◆ Exercise requirements
Would you transcribe the listing that follows, character for character, and omit its images?

◆ Source data
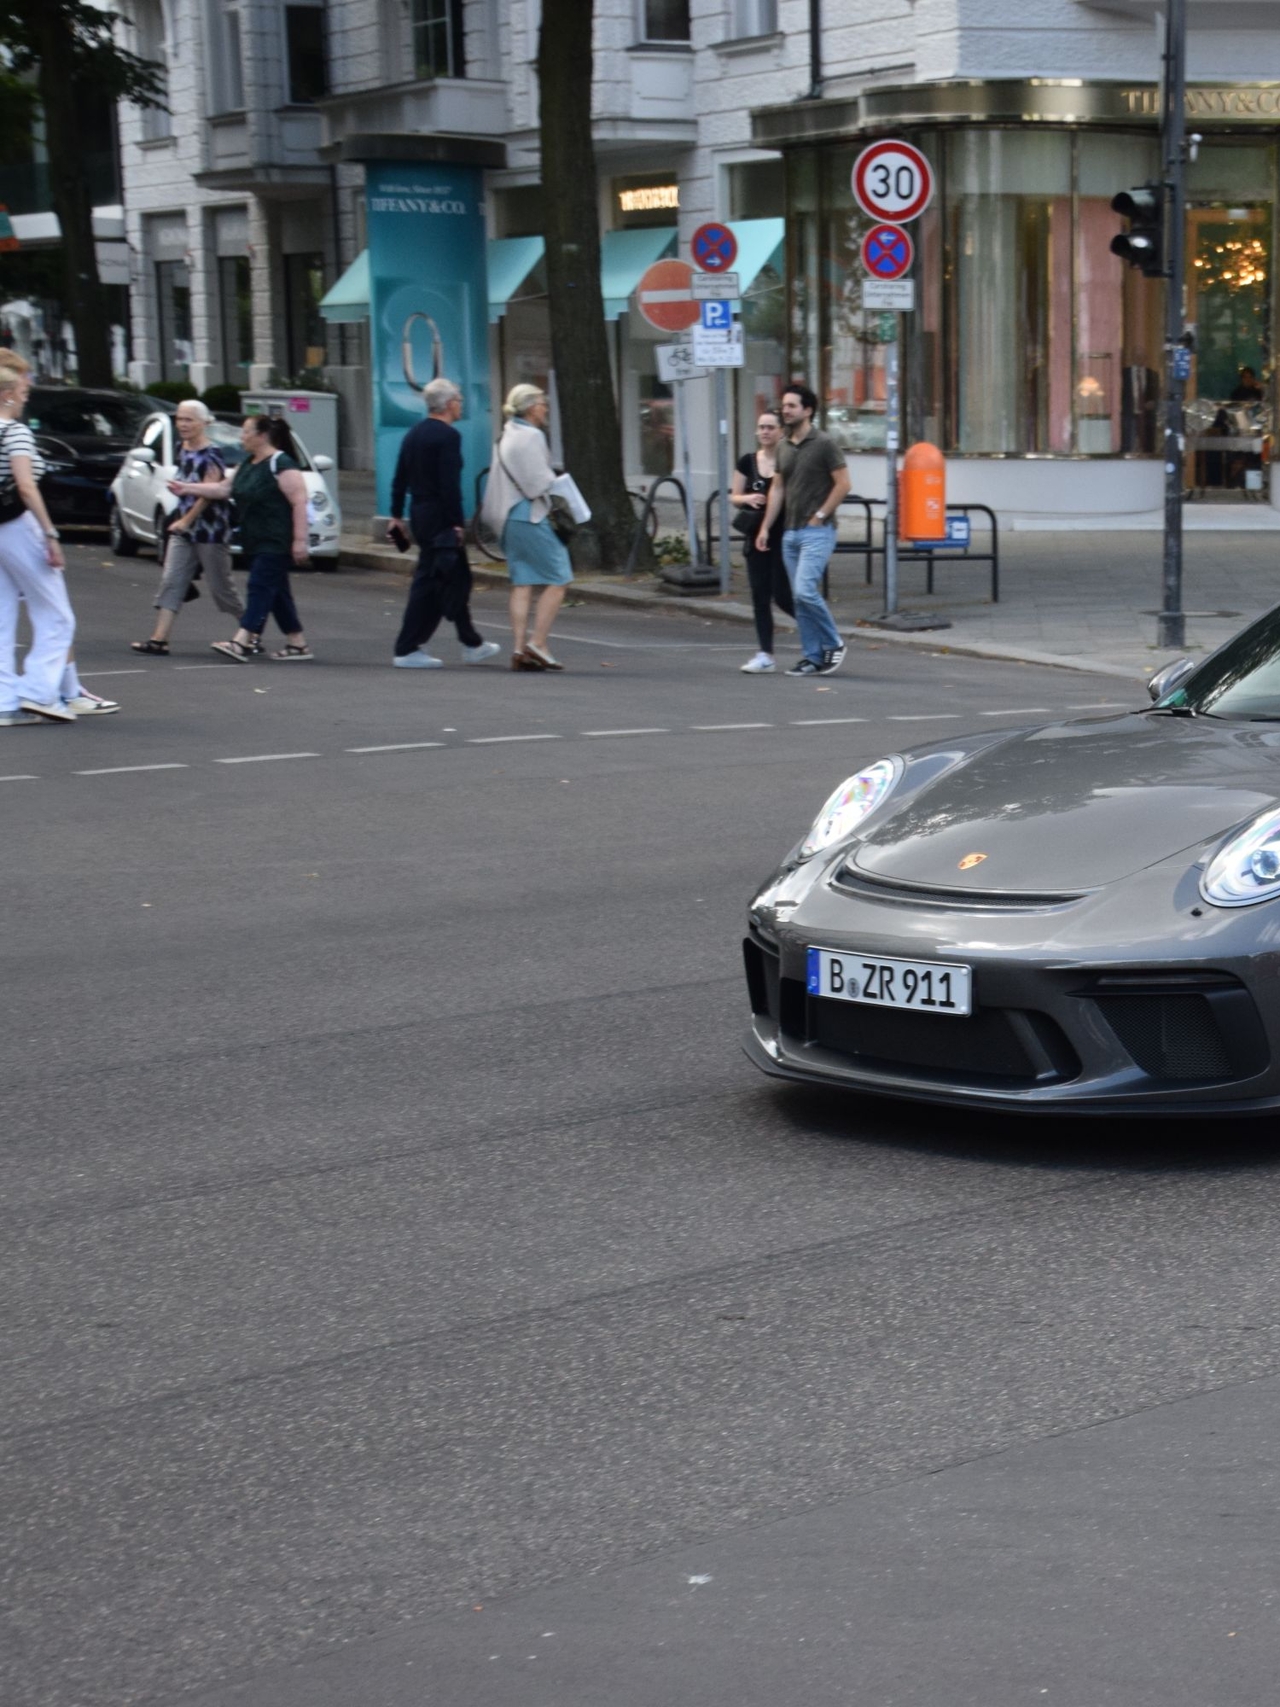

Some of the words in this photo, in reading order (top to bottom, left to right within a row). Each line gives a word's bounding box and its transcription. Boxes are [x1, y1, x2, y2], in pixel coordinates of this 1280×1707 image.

[871, 164, 914, 200] 30
[705, 302, 723, 326] P
[829, 958, 845, 994] B
[862, 963, 896, 1002] ZR
[903, 969, 956, 1008] 911
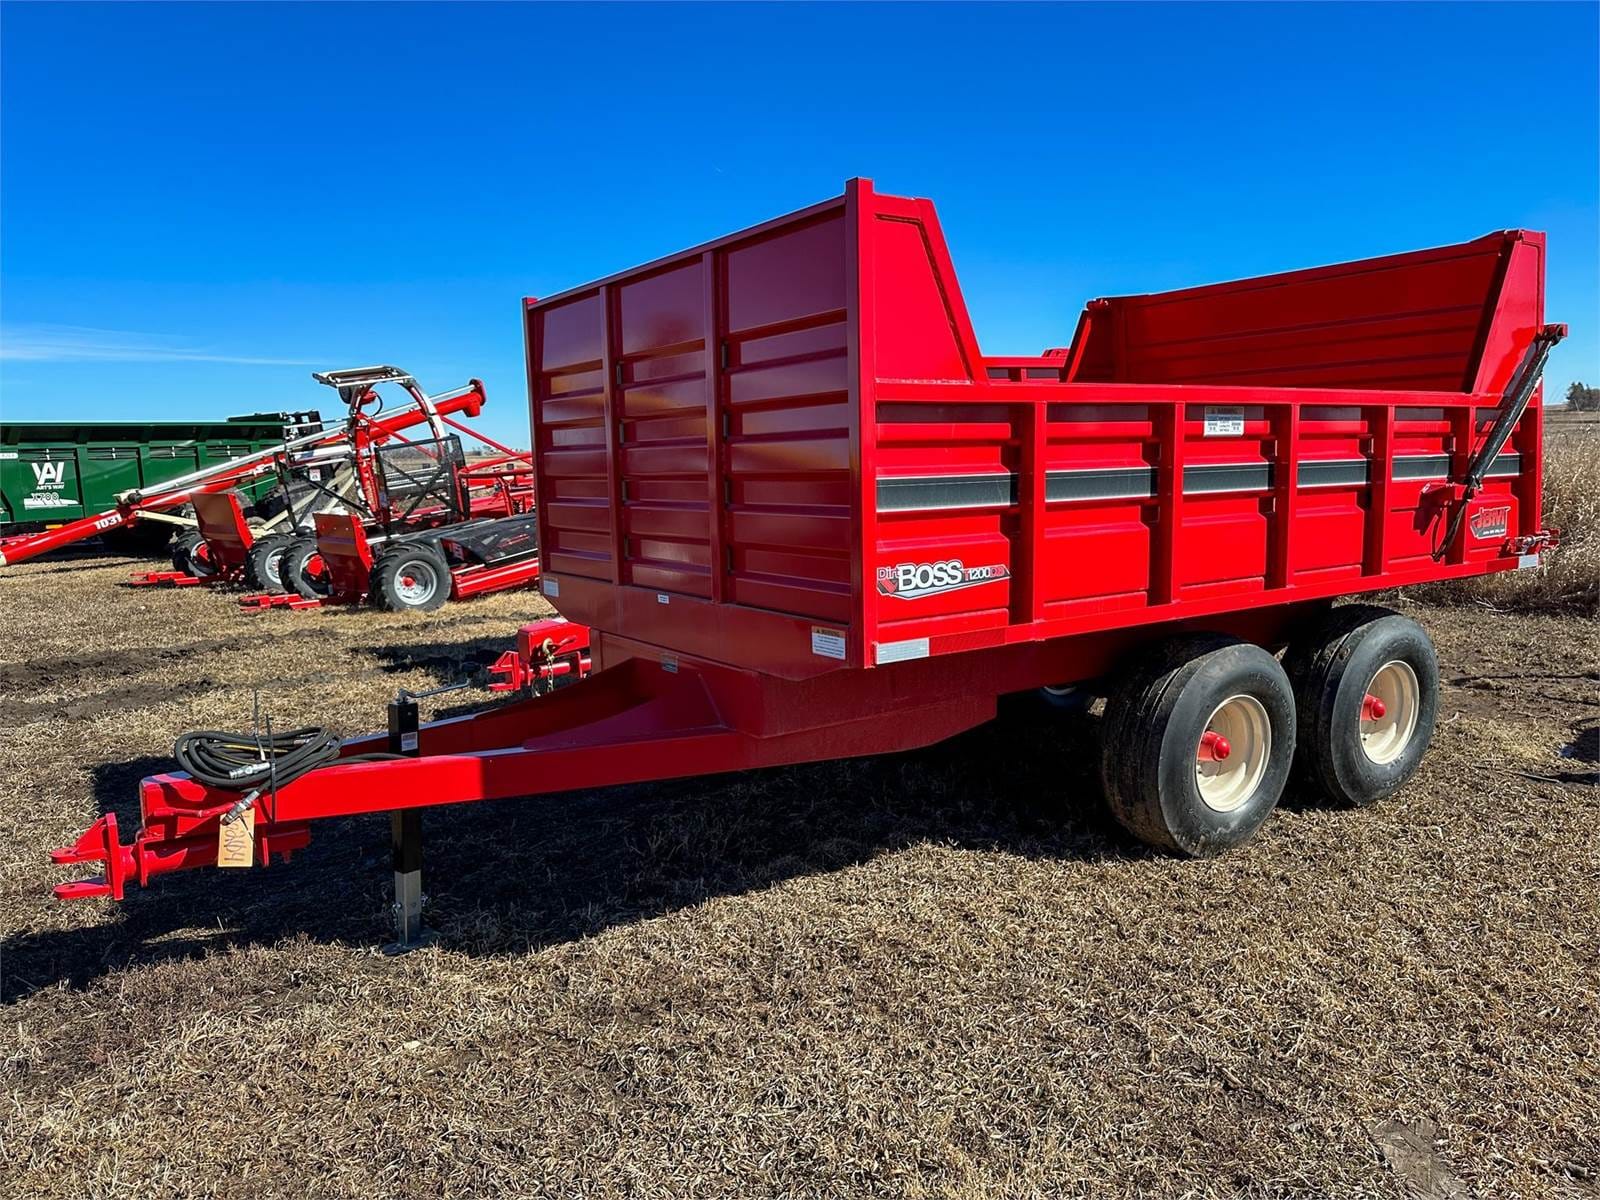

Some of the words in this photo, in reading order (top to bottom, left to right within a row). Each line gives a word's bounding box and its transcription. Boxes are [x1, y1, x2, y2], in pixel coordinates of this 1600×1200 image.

◆ Answer to this task
Some of the words in this photo, in reading order (top to bottom, left to right within a row). Each line gives a word's bounding box and its transcription. Boxes are [x1, y1, x2, y2], in pixel coordinates of this 1280×1707 image.

[871, 164, 914, 200] 30
[705, 302, 723, 326] P
[829, 958, 845, 994] B
[862, 963, 896, 1002] ZR
[903, 969, 956, 1008] 911

Some of the words in this photo, in reading order (top to bottom, left to right within a row). Each line gives a word's bounding box and its transcription. Boxes are [x1, y1, x2, y2], in pixel coordinates of this 1600×1200 image.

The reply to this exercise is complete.